I have just been wondering where I was at the adjournment of this debate, but I think I had succeeded in convincing every section of this House that of the ten local appointments I had got prior to the Act of 1926 not one had been given on the grounds of merit. It is right also that I should tell you, A Chinn Comhairle, for your personal edification, and it might be useful as a precedent, as to how I got one of the appointments. At a certain time when a local body was being charged by the predecessor in title of the present Minister for Local Government with a breach of a statutory duty it became imperative that the body should appoint a solicitor, the previous solicitor having gone to a better world. Accordingly, an election was called for. The local solicitor, a man of capacity and standing in his profession, adopted the usual customary role of canvassing for the position. When it came to the day of the election I was proposed and seconded, not having asked a single member of the council to vote for me, either directly or indirectly. I was proposed and some other member of the council got up and proposed that the local solicitor be appointed, but the chairman promptly ruled his amendment out of order. He said the matter was too serious and I was declared unanimously elected. I give that as a precedent which may come in useful some time in the future.

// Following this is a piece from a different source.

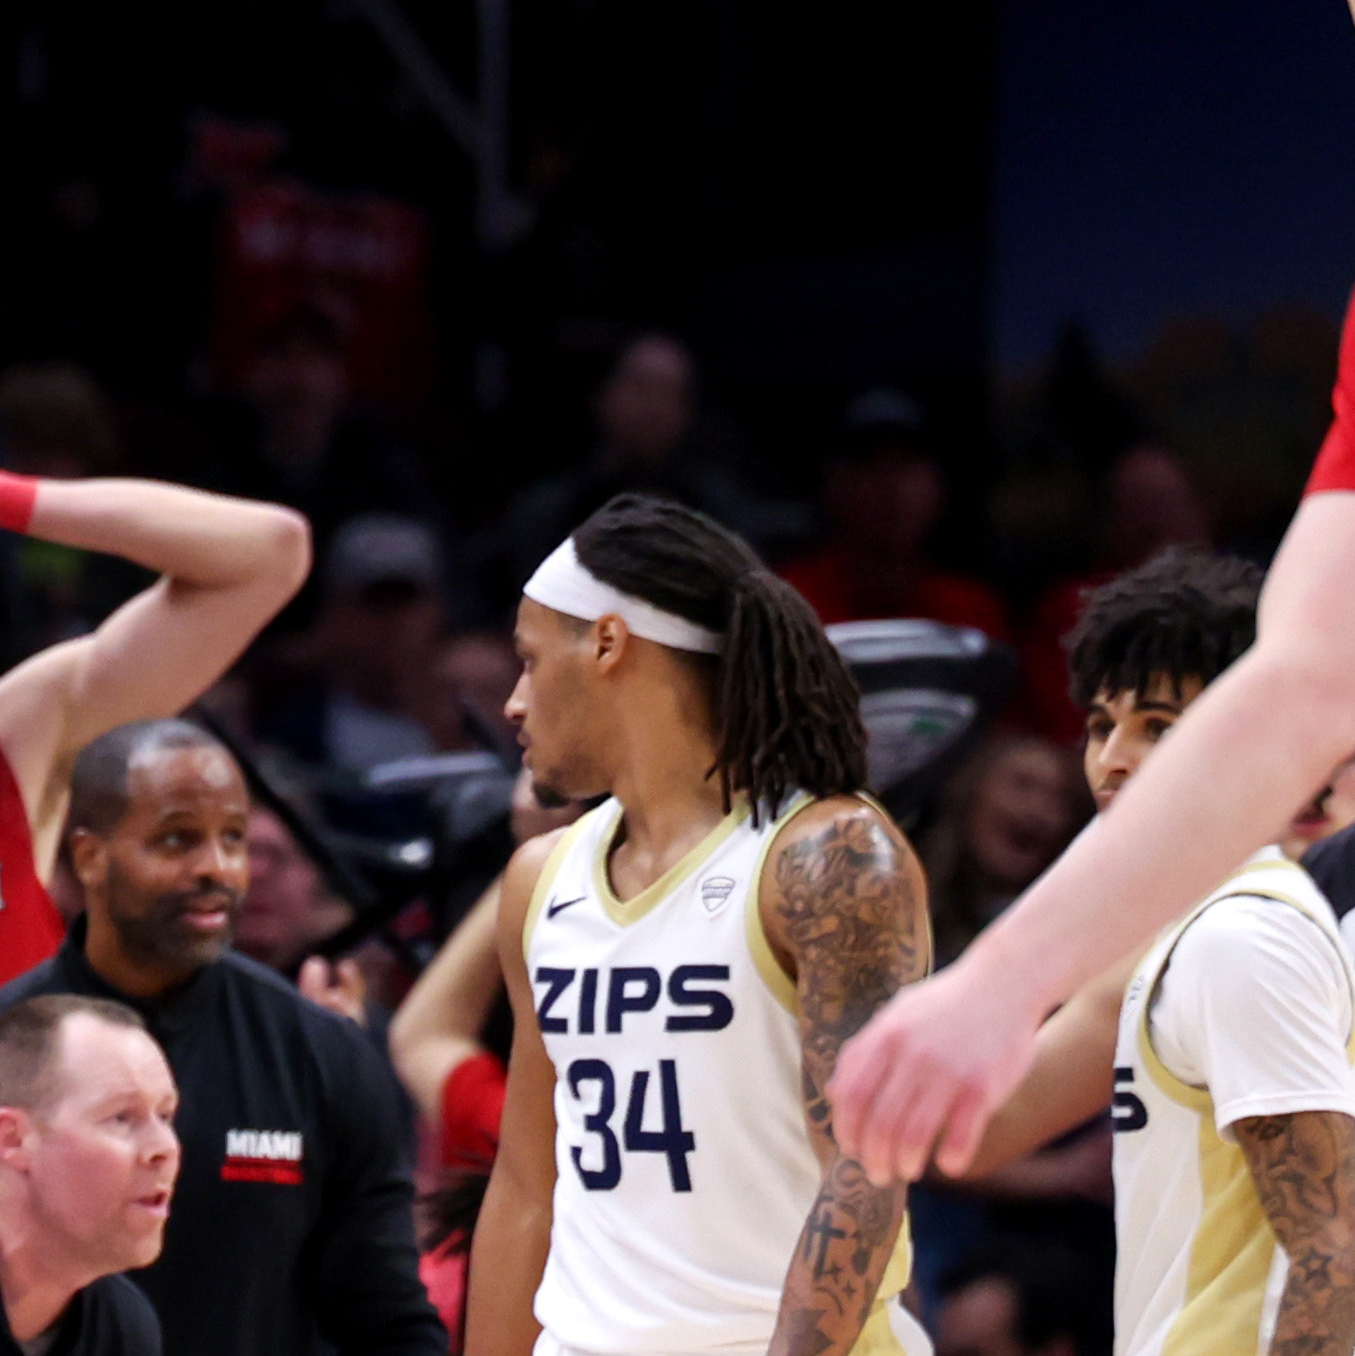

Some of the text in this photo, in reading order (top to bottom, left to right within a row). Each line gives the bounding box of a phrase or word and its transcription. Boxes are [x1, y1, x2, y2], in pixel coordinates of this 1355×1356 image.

[535, 964, 734, 1035] ZIPS
[226, 1129, 303, 1161] MIAMI
[566, 1058, 696, 1193] 34
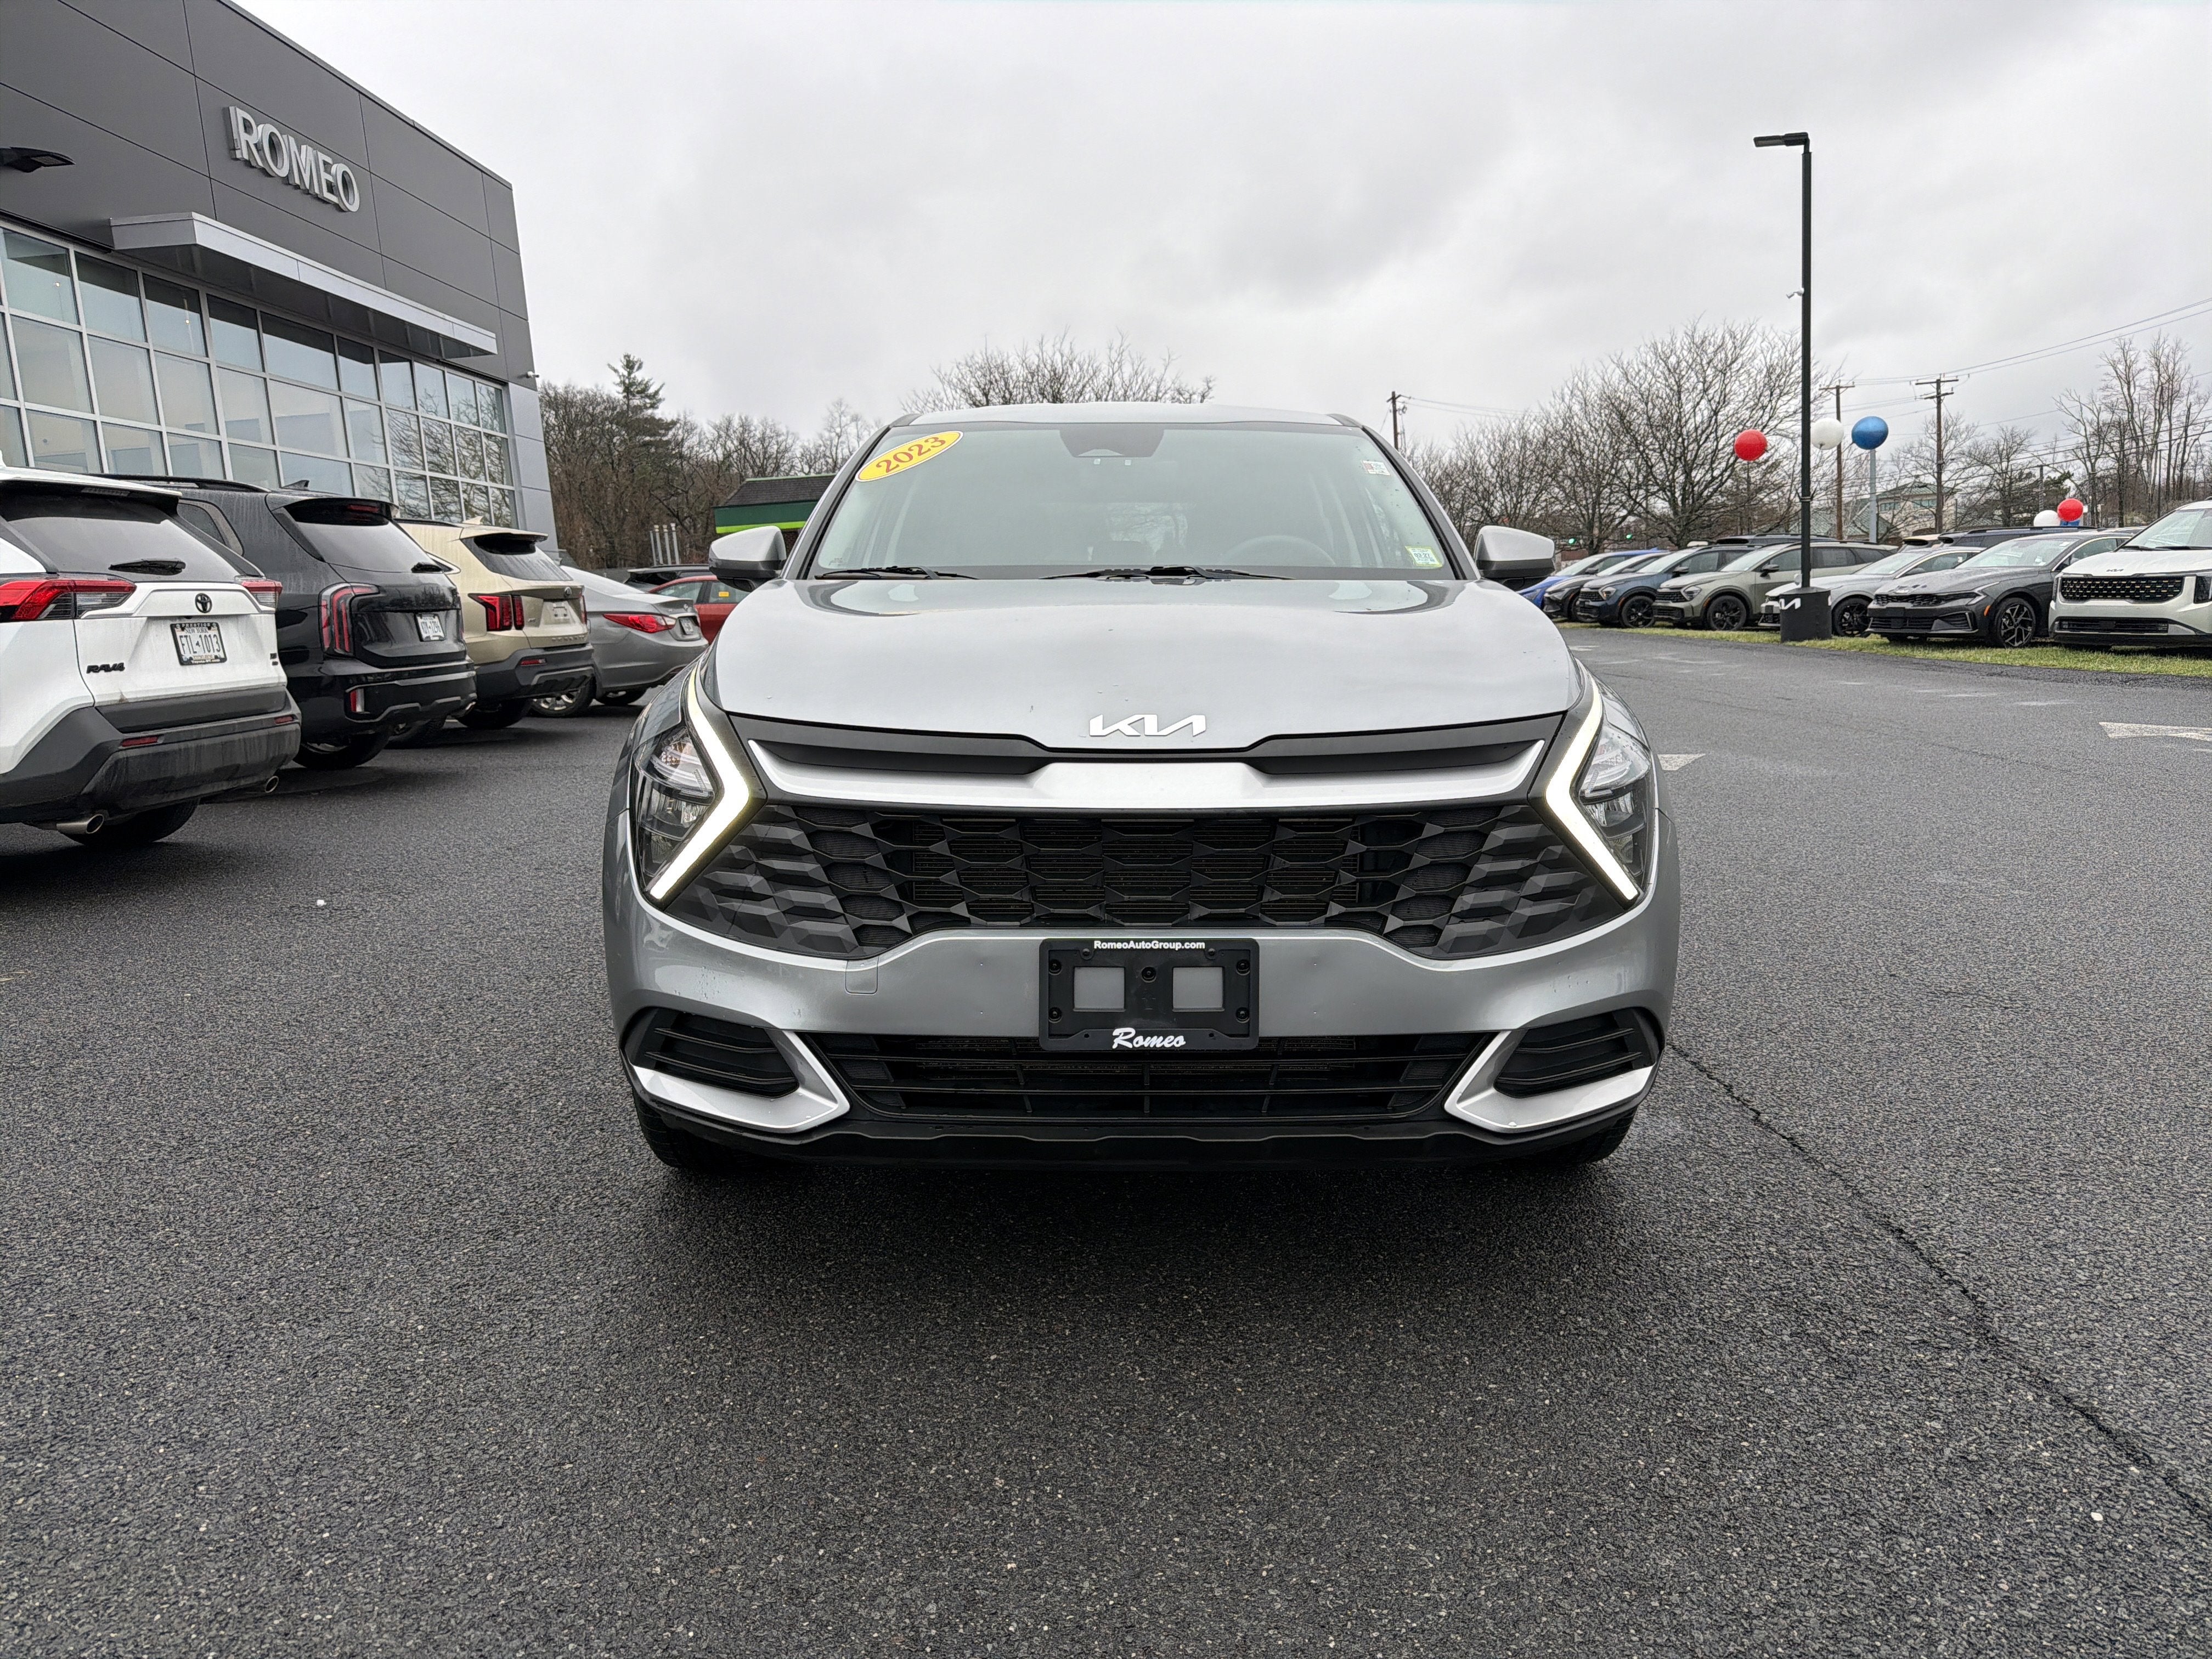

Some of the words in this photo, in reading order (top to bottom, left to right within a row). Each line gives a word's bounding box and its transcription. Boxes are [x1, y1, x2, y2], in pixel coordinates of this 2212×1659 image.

We have heard during this debate, and I think we had them three times last week from Deputy de Valera, lectures on moral responsibility. I personally would say nothing of any nature offensive to Deputy de Valera —he never said anything offensive to anybody—but I say of the many strange roles he has occupied during his time, and he has occupied many, none is more strange and more unfitted to him, in my respectful submission to the House, than the role of professor of moral obligations. Not to be outdone, he was followed by Deputy Ward who spoke as to what had to be taken into consideration when he applied for that position in Monaghan which it is hoped by some people would become vacant in a short period. He says that when it becomes vacant and he becomes an applicant for it that the electoral moral code must be taken into consideration. I do know what I should say in reply, and that is that if Deputy Ward does apply for that appointment to the Local Appointments Commission and sends with his application a copy of the speech which he made in this House on Friday last, and if the Local Appointments Commission appoint him I would be in favour of repealing the Act in its entirety.
It has been said by Deputy Ward that the poor man must suffer under the Act as it stands. The Act as it stands is the poor man's charter. Let there be no mistake about it. Deputy Ward tries to side-track the issue by telling us that the poor man's son has no chance unless he gets a post-graduate course. What is there in a post-graduate course? Let him be consistent. He tells you that, over and above these things, you must look to a man's moral code. What is there in a post-graduate course that will strengthen a man's moral code? So far as I understand a post-graduate course, a man's moral code would be just as narrow and bigoted after that course as it was before it. I repeat that that Act, about which I had hoped I would have heard something from members on the Labour Benches, is the poor man's charter and must be looked on as such. I dislike its title. The title is wrong. It should be called "An Act to perpetuate, foster, and encourage corruption." It can have no other effect. It is intended to have no other effect, and any man who wants the local authorities of our country to do their duty free from corruption, free from jobbery, must, as the only alternative open to him, vote against the Bill.